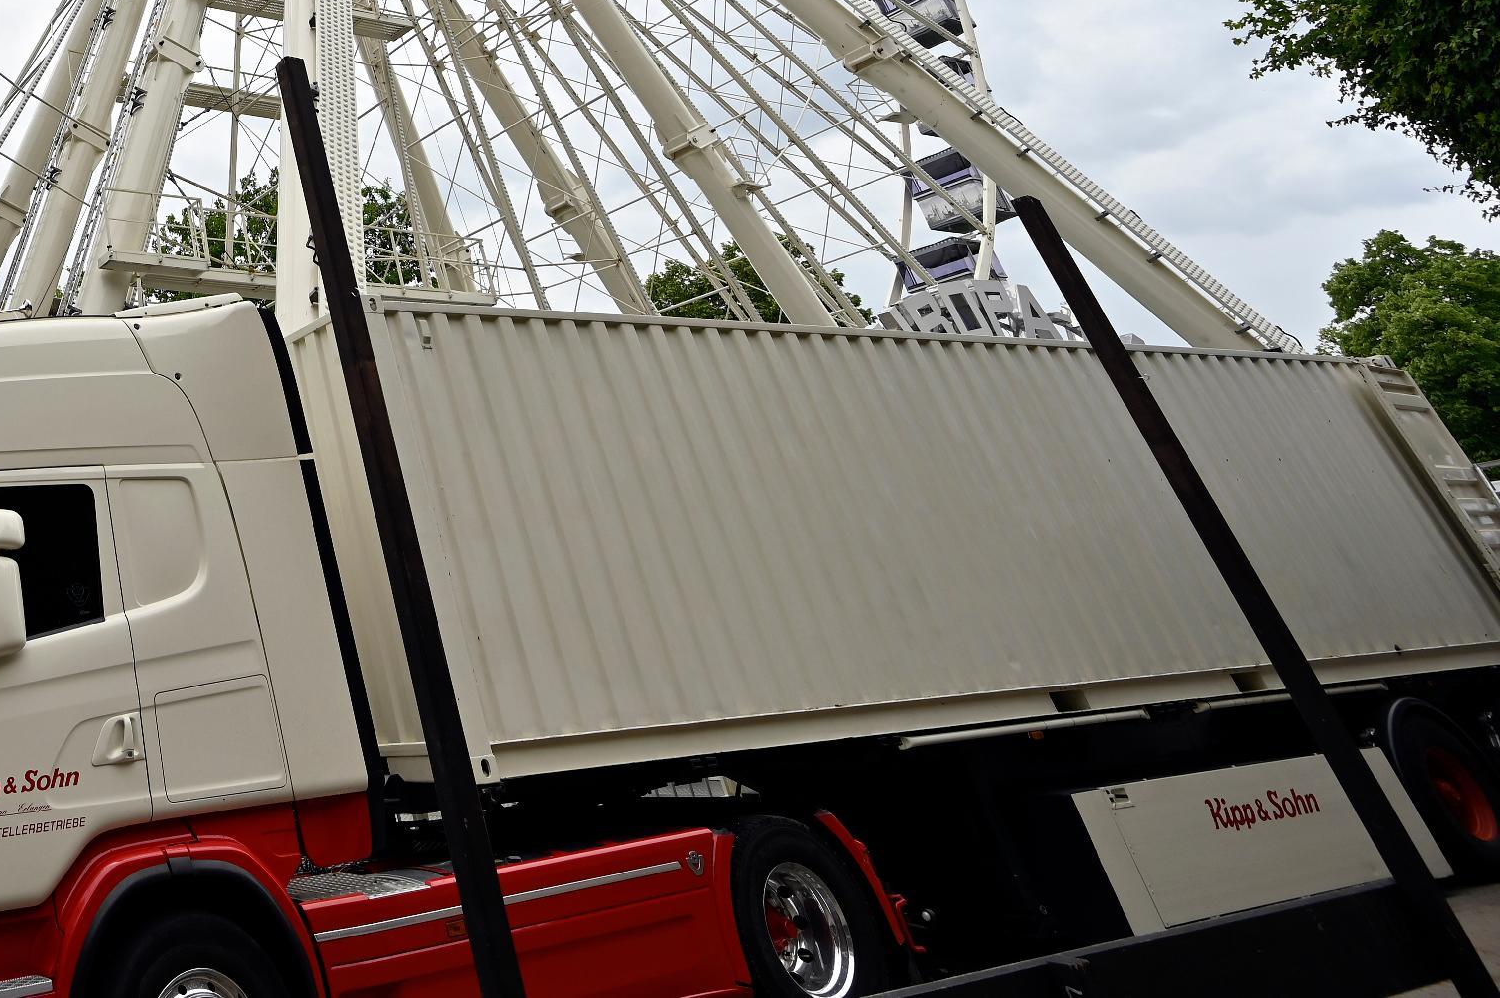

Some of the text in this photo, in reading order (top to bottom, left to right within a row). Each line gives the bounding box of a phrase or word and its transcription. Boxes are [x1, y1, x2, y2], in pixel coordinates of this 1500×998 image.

[3, 776, 17, 795] &
[21, 768, 80, 793] Sohn
[1205, 788, 1320, 831] Kipp & Sohn
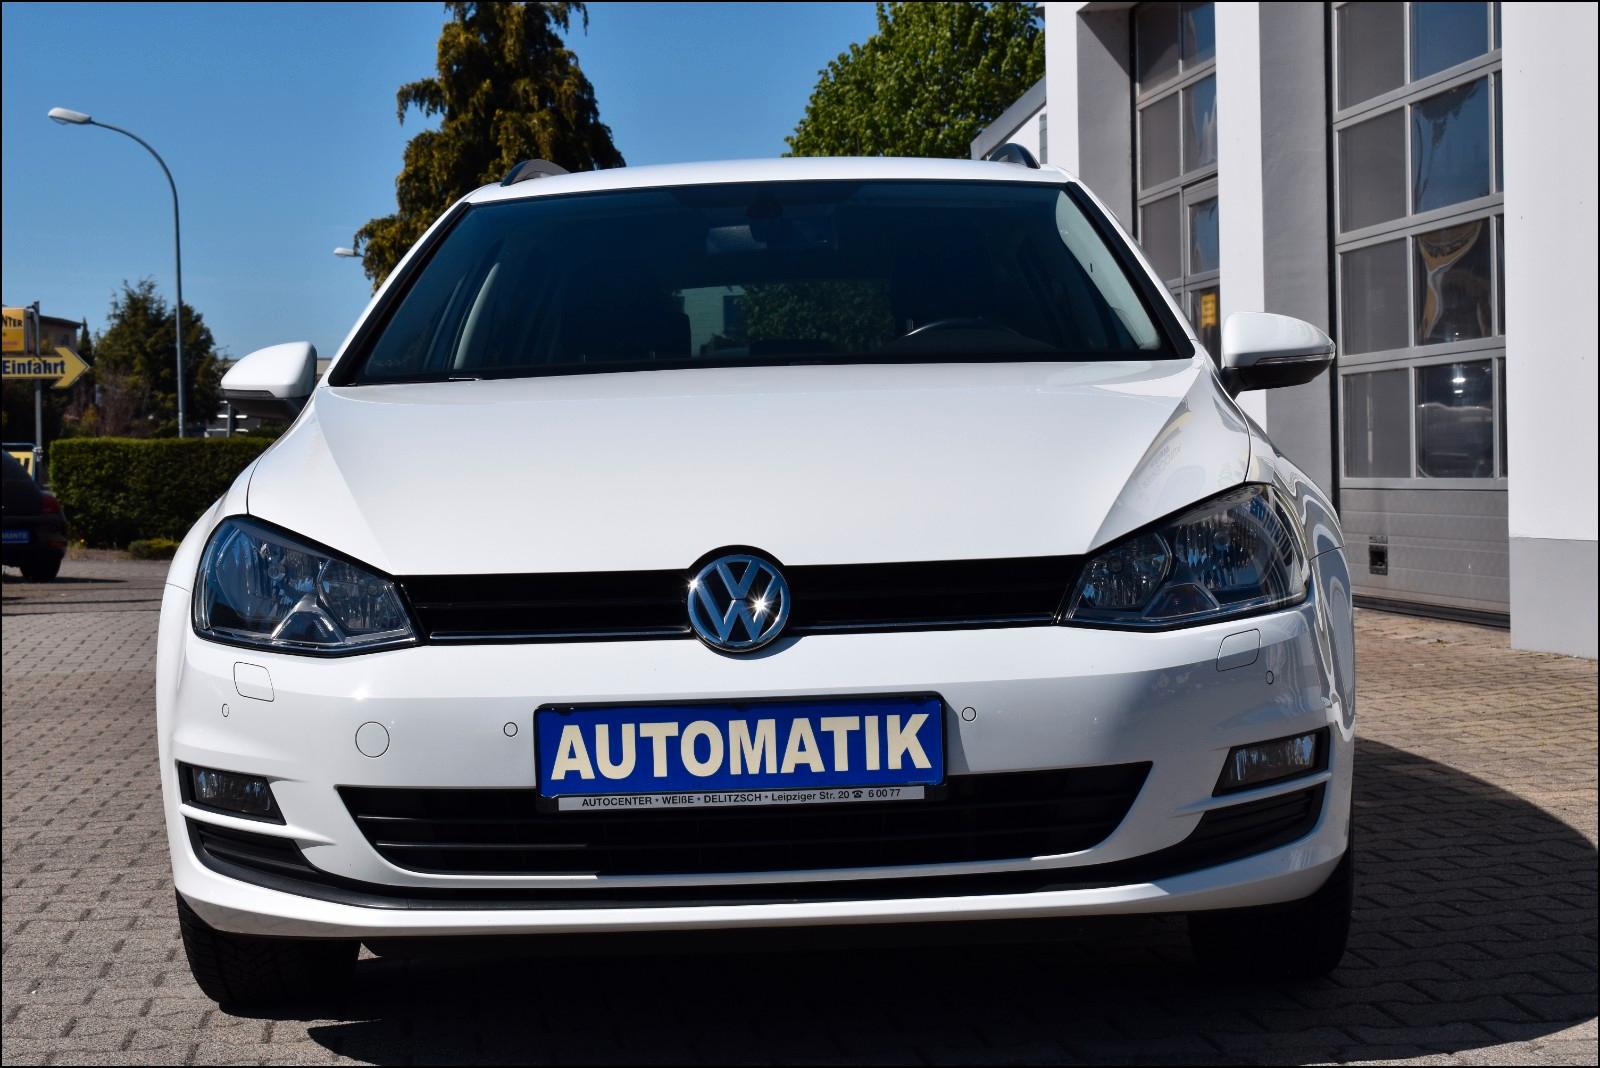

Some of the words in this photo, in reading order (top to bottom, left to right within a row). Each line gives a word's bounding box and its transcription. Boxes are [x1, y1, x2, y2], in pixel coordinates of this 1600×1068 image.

[2, 360, 65, 375] Einfahrt
[551, 713, 932, 781] AUTOMATIK
[582, 796, 652, 807] AUTOCENTER
[704, 793, 762, 803] DELITZSCH
[771, 792, 817, 802] Leipziger
[819, 791, 836, 800] Str.
[838, 790, 850, 799] 20
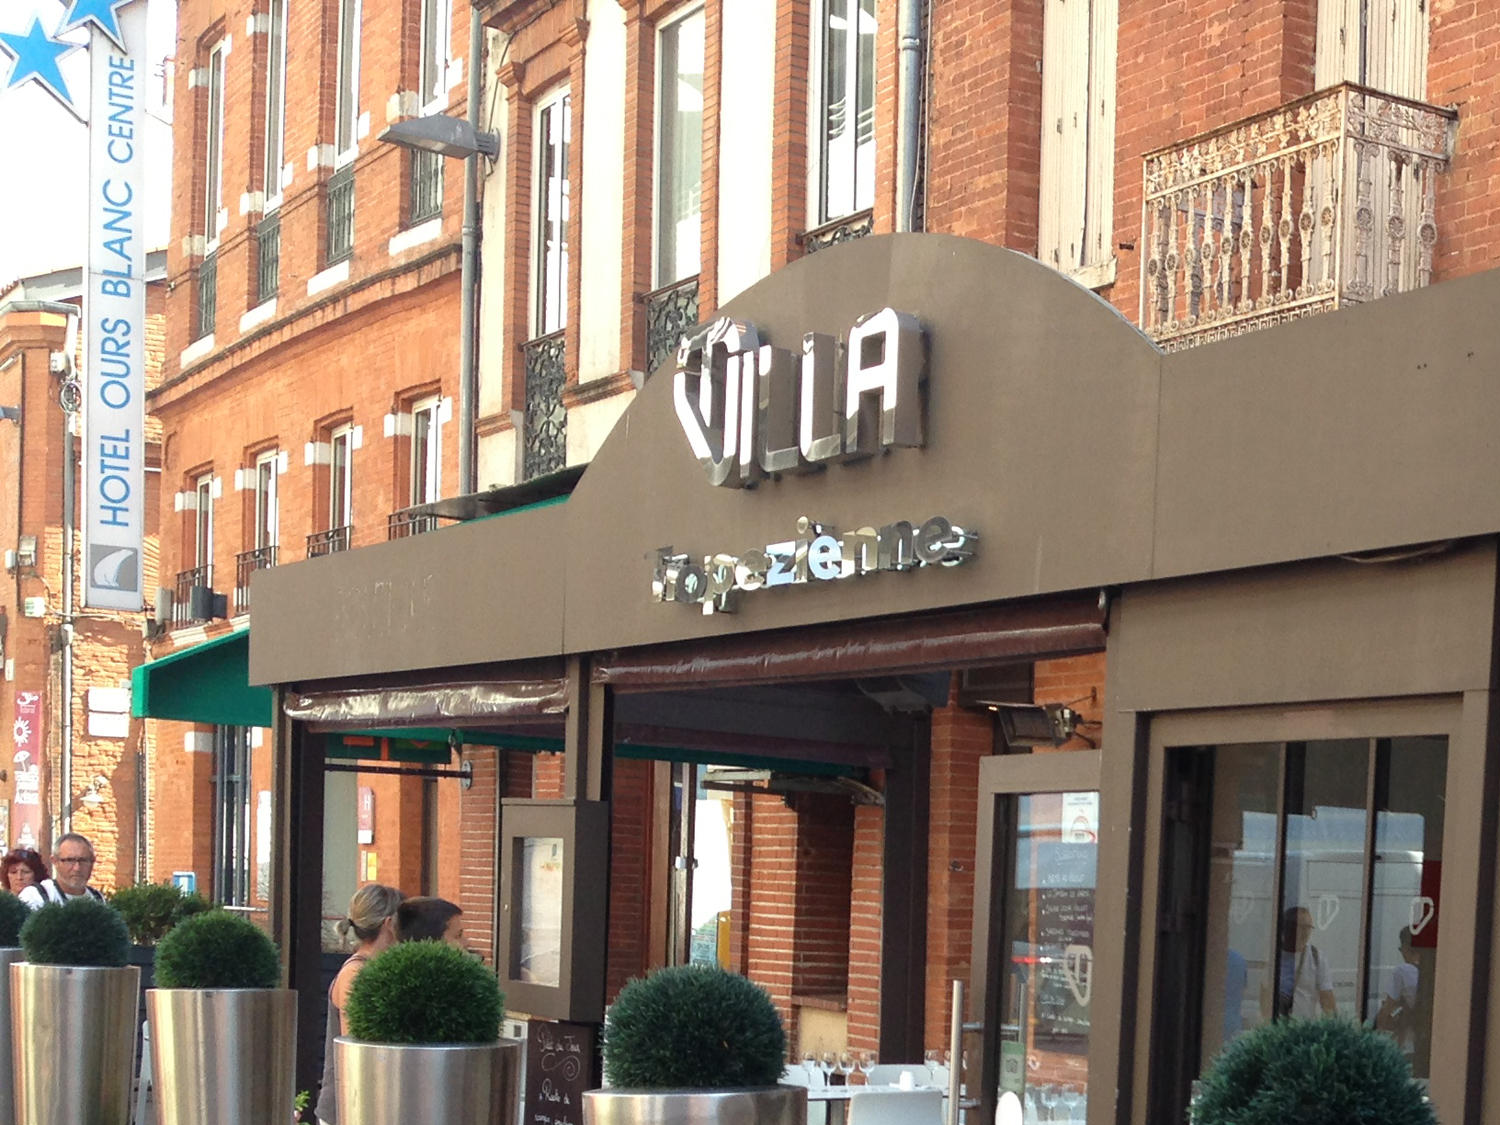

▶ What the exercise asks
Please output each line above exactly and omit all images.

▶ Answer section
Some of the text in this photo, in reading order (top to bottom, left to right within a row). Each line gives the bounding box of a phrase or word and its transcription. Boxes are [x1, y1, x2, y2], in pixel coordinates of this 1500×998 image.

[3, 776, 17, 795] &
[21, 768, 80, 793] Sohn
[1205, 788, 1320, 831] Kipp & Sohn

Some of the words in this photo, in reading order (top to bottom, left to right within a row). Each line gives a word's bounding box and its transcription. Boxes are [x1, y1, x2, y2], in pixel coordinates of this 1600×1068 image.

[2, 360, 65, 375] Einfahrt
[551, 713, 932, 781] AUTOMATIK
[582, 796, 652, 807] AUTOCENTER
[704, 793, 762, 803] DELITZSCH
[771, 792, 817, 802] Leipziger
[819, 791, 836, 800] Str.
[838, 790, 850, 799] 20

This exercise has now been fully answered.